Every entry should come back exactly as written, minus the pictures.

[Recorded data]

╭──

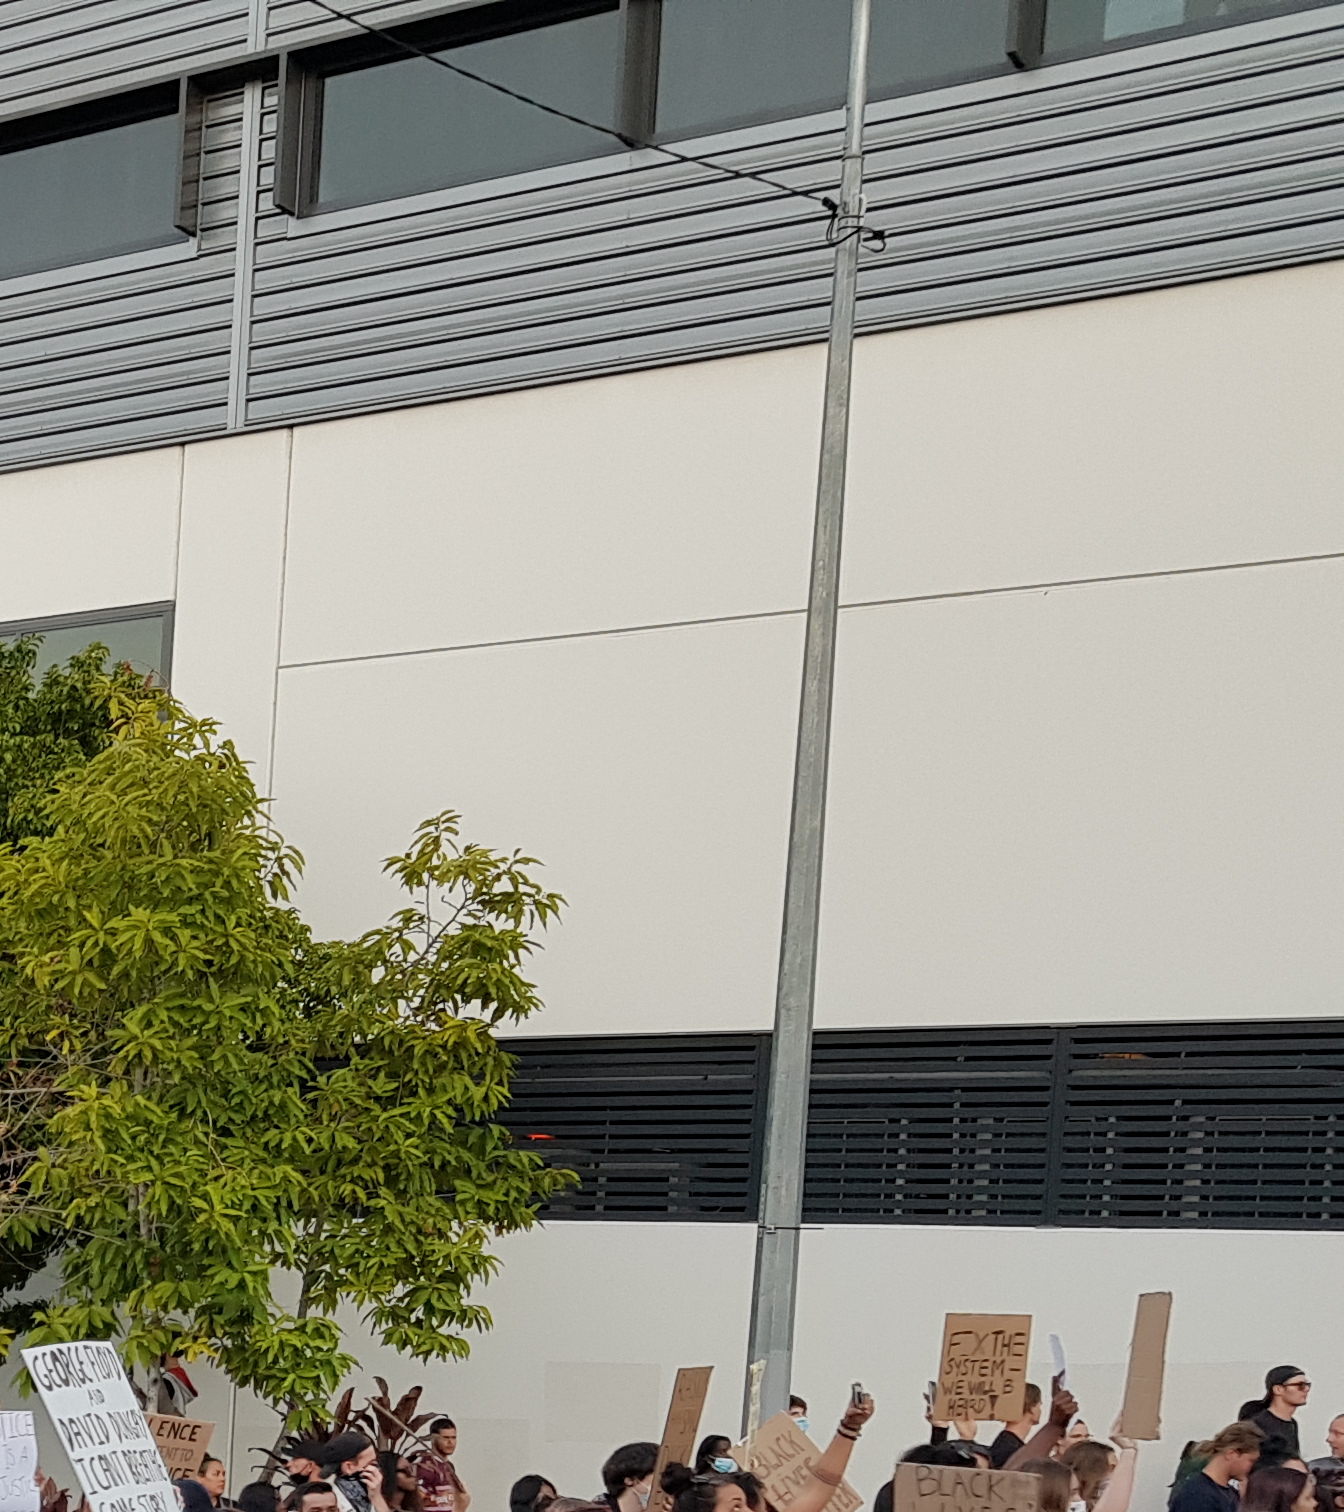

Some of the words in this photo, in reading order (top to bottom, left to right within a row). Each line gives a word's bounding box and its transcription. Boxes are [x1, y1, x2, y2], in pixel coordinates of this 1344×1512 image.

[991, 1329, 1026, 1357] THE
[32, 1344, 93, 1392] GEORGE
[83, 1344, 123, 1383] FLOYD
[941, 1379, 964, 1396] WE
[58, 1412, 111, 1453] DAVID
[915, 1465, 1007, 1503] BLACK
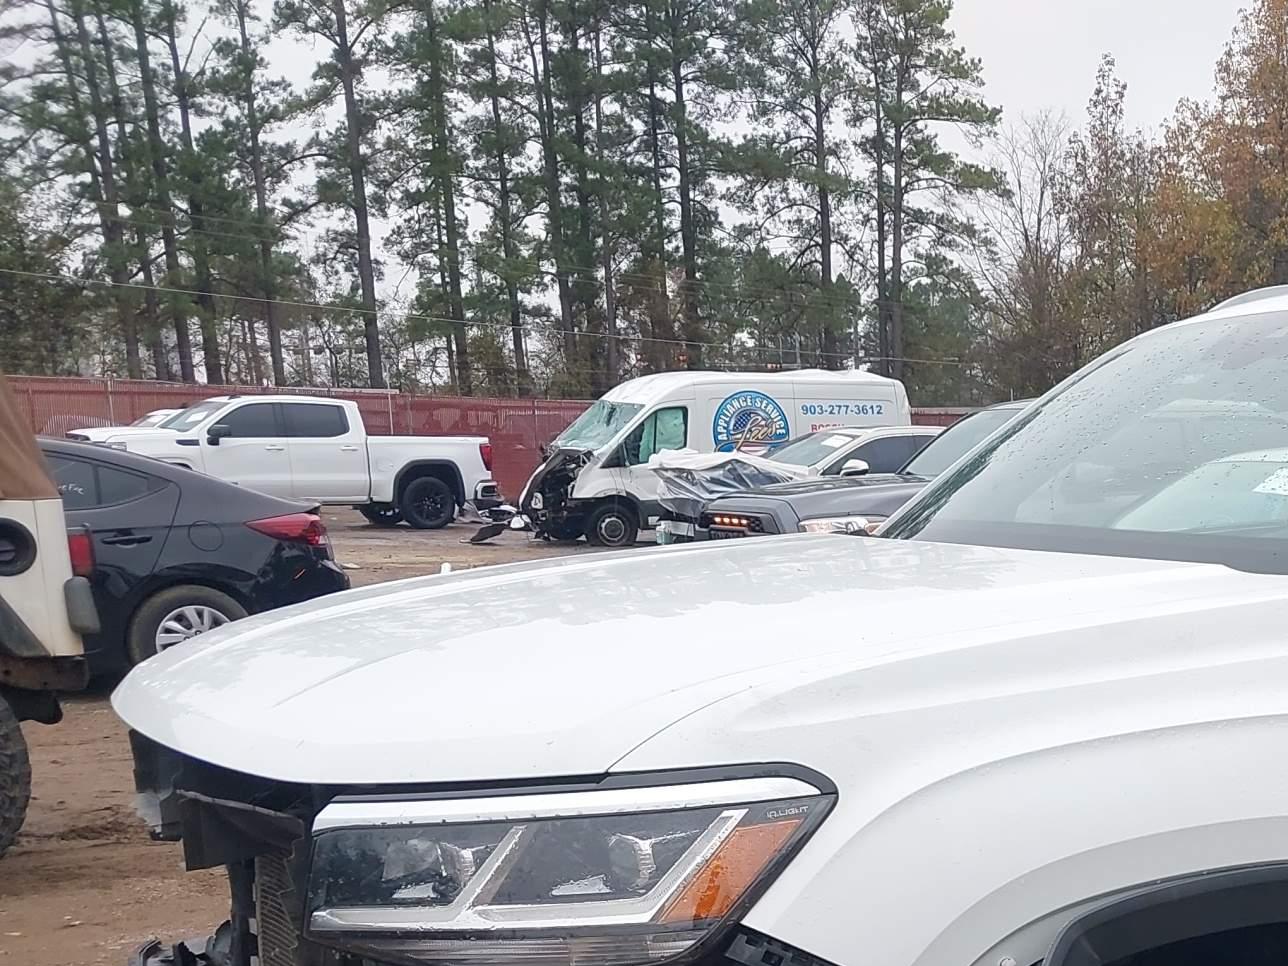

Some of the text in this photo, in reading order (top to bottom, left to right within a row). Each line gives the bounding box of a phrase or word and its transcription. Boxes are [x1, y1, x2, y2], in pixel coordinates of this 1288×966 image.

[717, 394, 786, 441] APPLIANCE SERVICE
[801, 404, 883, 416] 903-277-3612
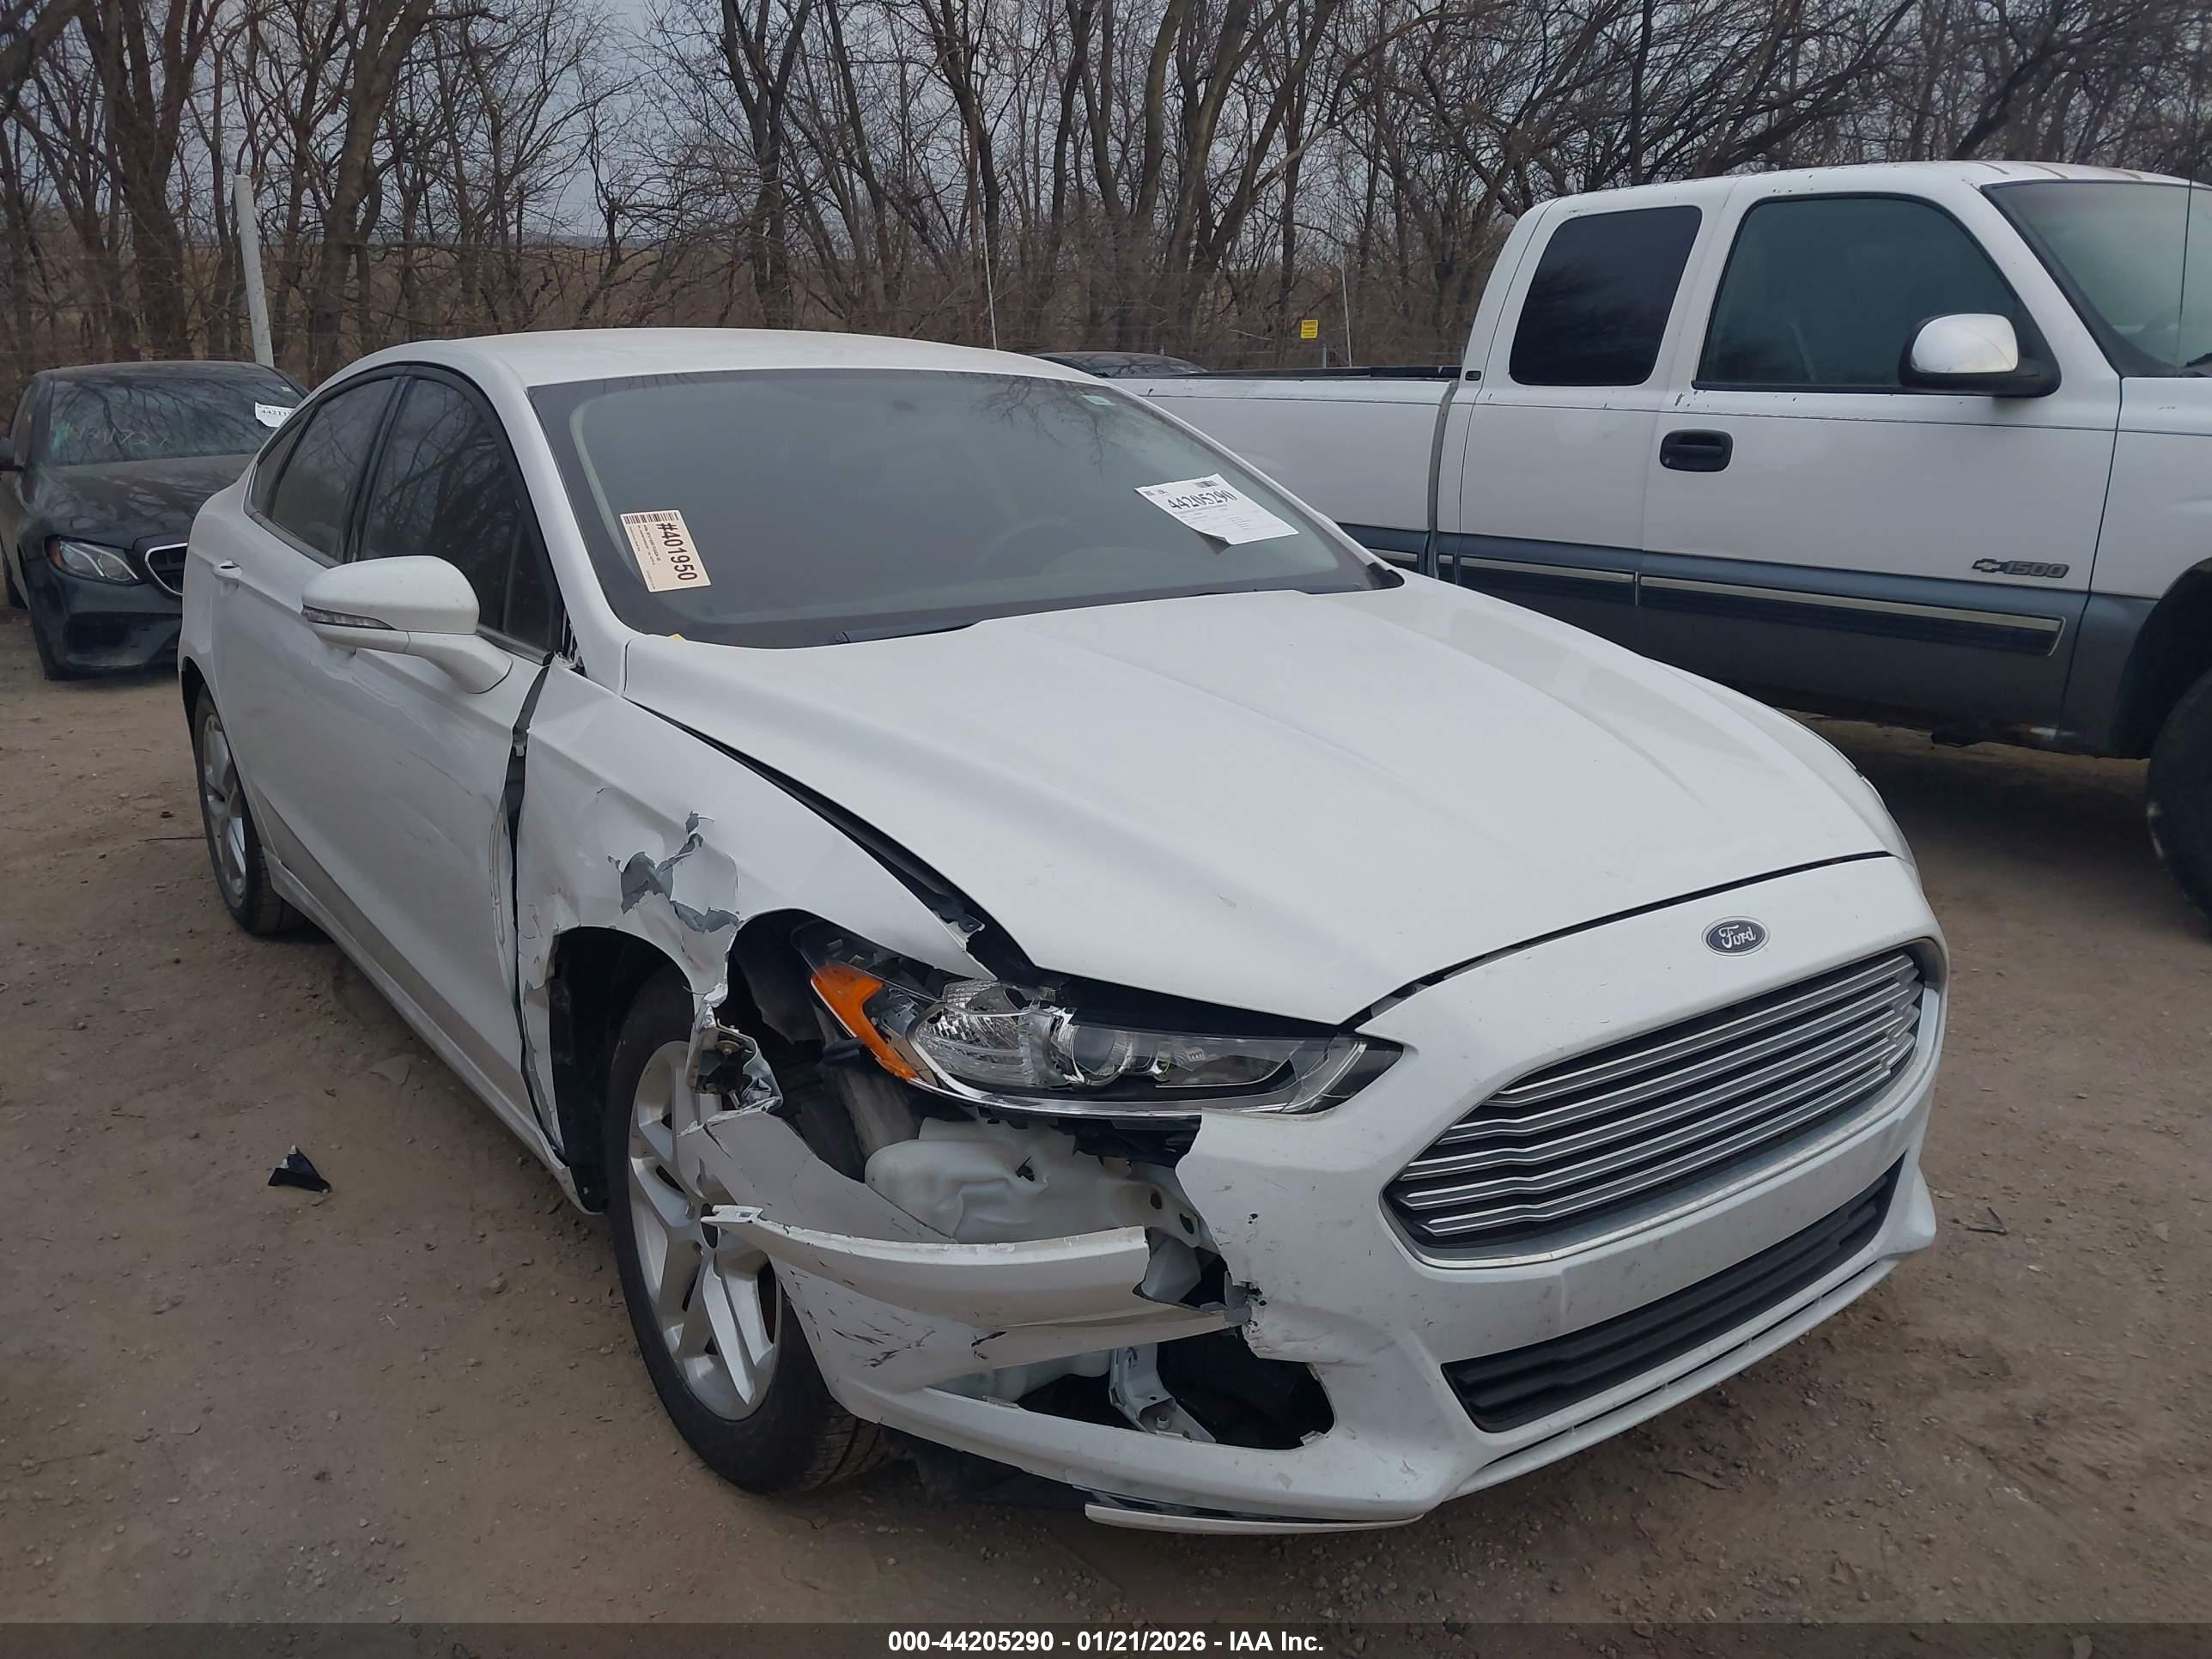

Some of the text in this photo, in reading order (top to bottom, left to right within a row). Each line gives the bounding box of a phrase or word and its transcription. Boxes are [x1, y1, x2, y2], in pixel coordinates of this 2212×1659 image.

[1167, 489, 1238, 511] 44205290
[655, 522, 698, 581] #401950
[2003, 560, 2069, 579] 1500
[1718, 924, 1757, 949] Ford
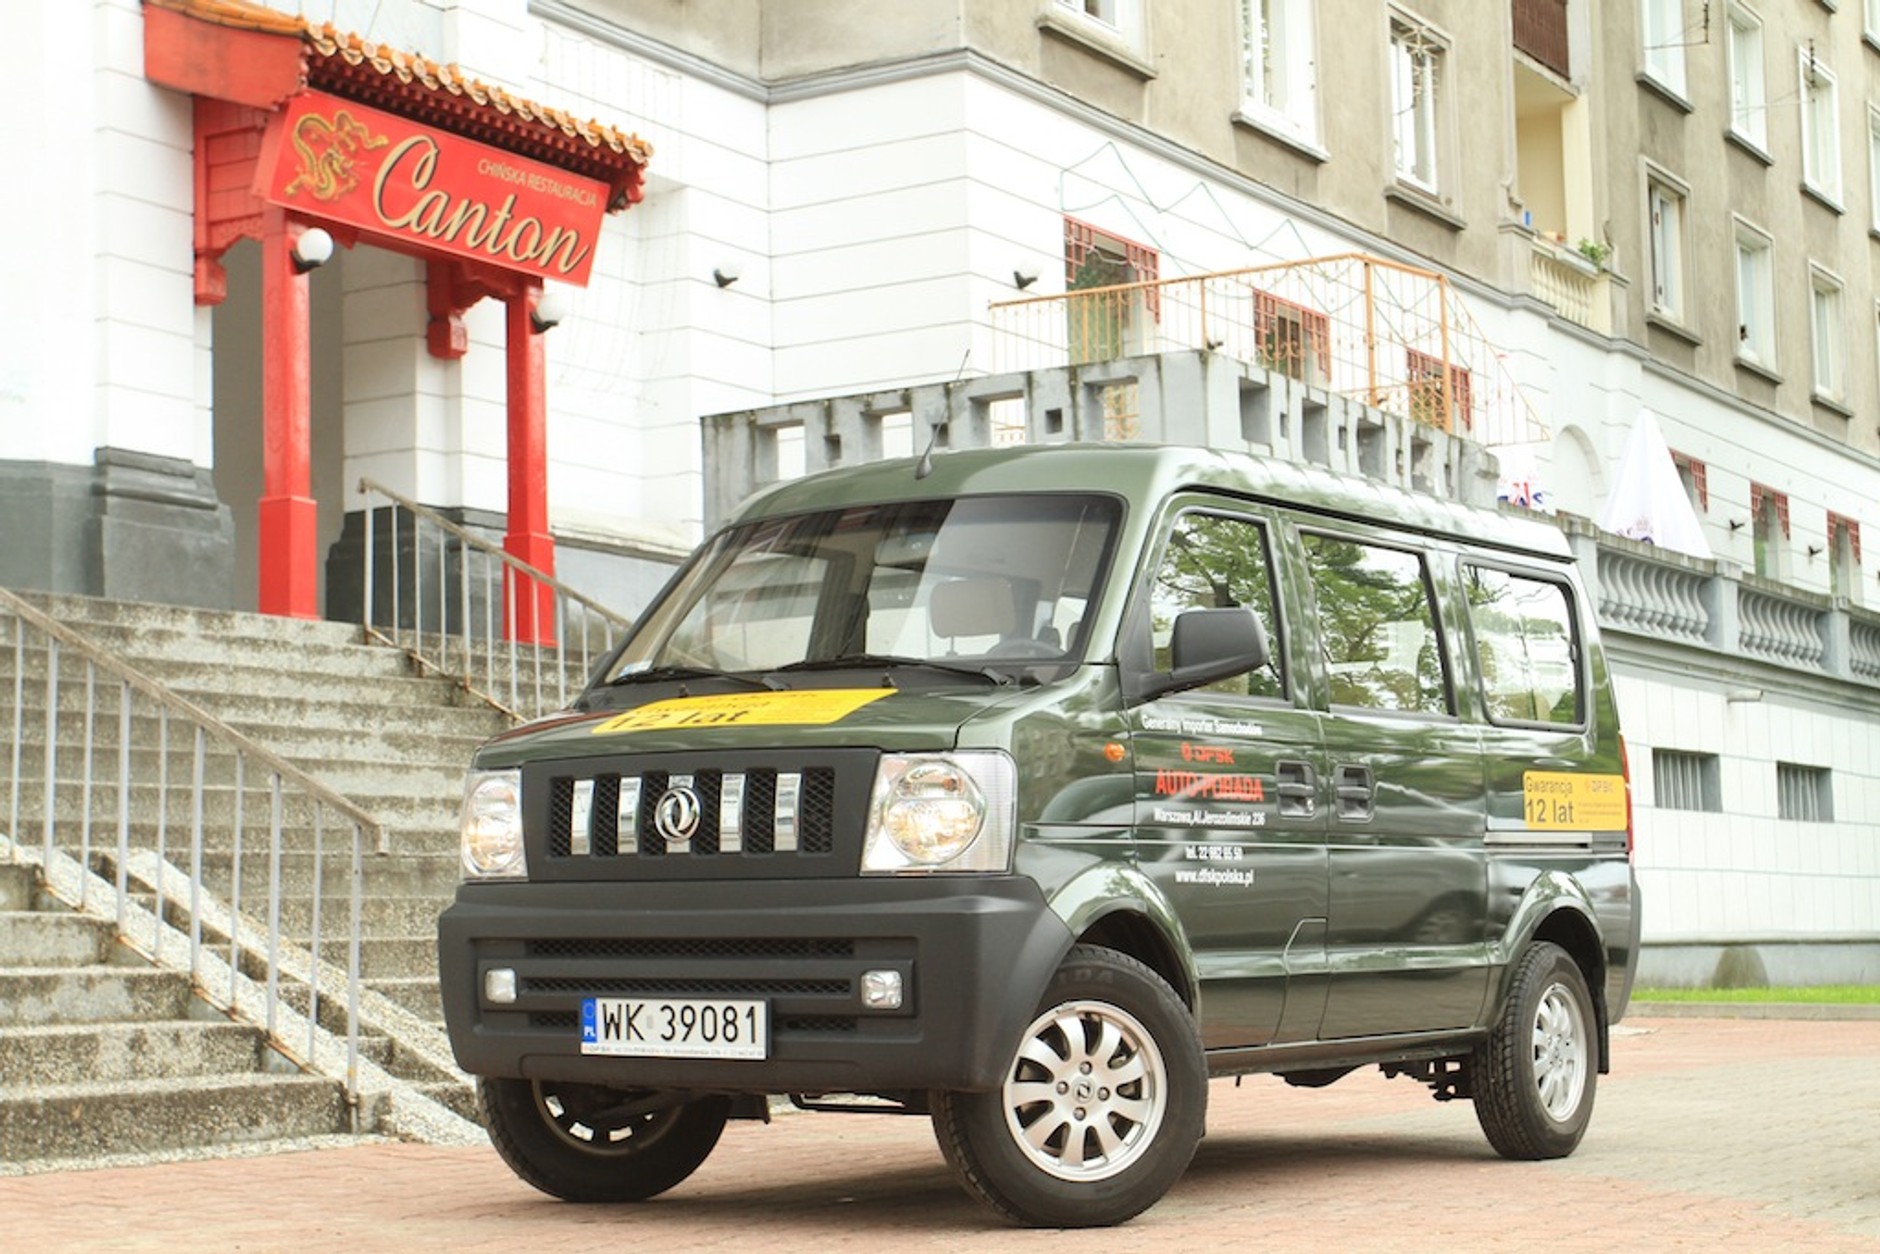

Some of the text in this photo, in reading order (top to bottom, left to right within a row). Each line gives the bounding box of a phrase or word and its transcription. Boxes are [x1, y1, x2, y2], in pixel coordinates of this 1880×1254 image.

╰──

▶ Written answer
Some of the words in this photo, in reading order (top to bottom, left to right within a row). Each line gives a word's bounding box and its transcription. Boxes are [x1, y1, x2, y2], in pixel coordinates of this 1344×1512 image.

[991, 1329, 1026, 1357] THE
[32, 1344, 93, 1392] GEORGE
[83, 1344, 123, 1383] FLOYD
[941, 1379, 964, 1396] WE
[58, 1412, 111, 1453] DAVID
[915, 1465, 1007, 1503] BLACK

Some of the text in this photo, in reading order (top to bottom, left to right within a row). Each line gives the bounding box of a phrase or word and its transcription. Boxes are [x1, y1, x2, y2], in pixel coordinates of this 1288×966 image.

[717, 394, 786, 441] APPLIANCE SERVICE
[801, 404, 883, 416] 903-277-3612

Some of the text in this photo, in reading order (top to bottom, left to right within a row). Each line gives the bounding box of a phrase or word and its transcription. Boxes are [x1, y1, x2, y2], in pixel coordinates of this 2212×1659 image.

[1167, 489, 1238, 511] 44205290
[655, 522, 698, 581] #401950
[2003, 560, 2069, 579] 1500
[1718, 924, 1757, 949] Ford

Some of the text in this photo, in reading order (top to bottom, left to right within a row). Each line gives the bounding box of a phrase or word and its transcription. Boxes are [x1, y1, x2, y2], in pixel coordinates of this 1880×1254 image.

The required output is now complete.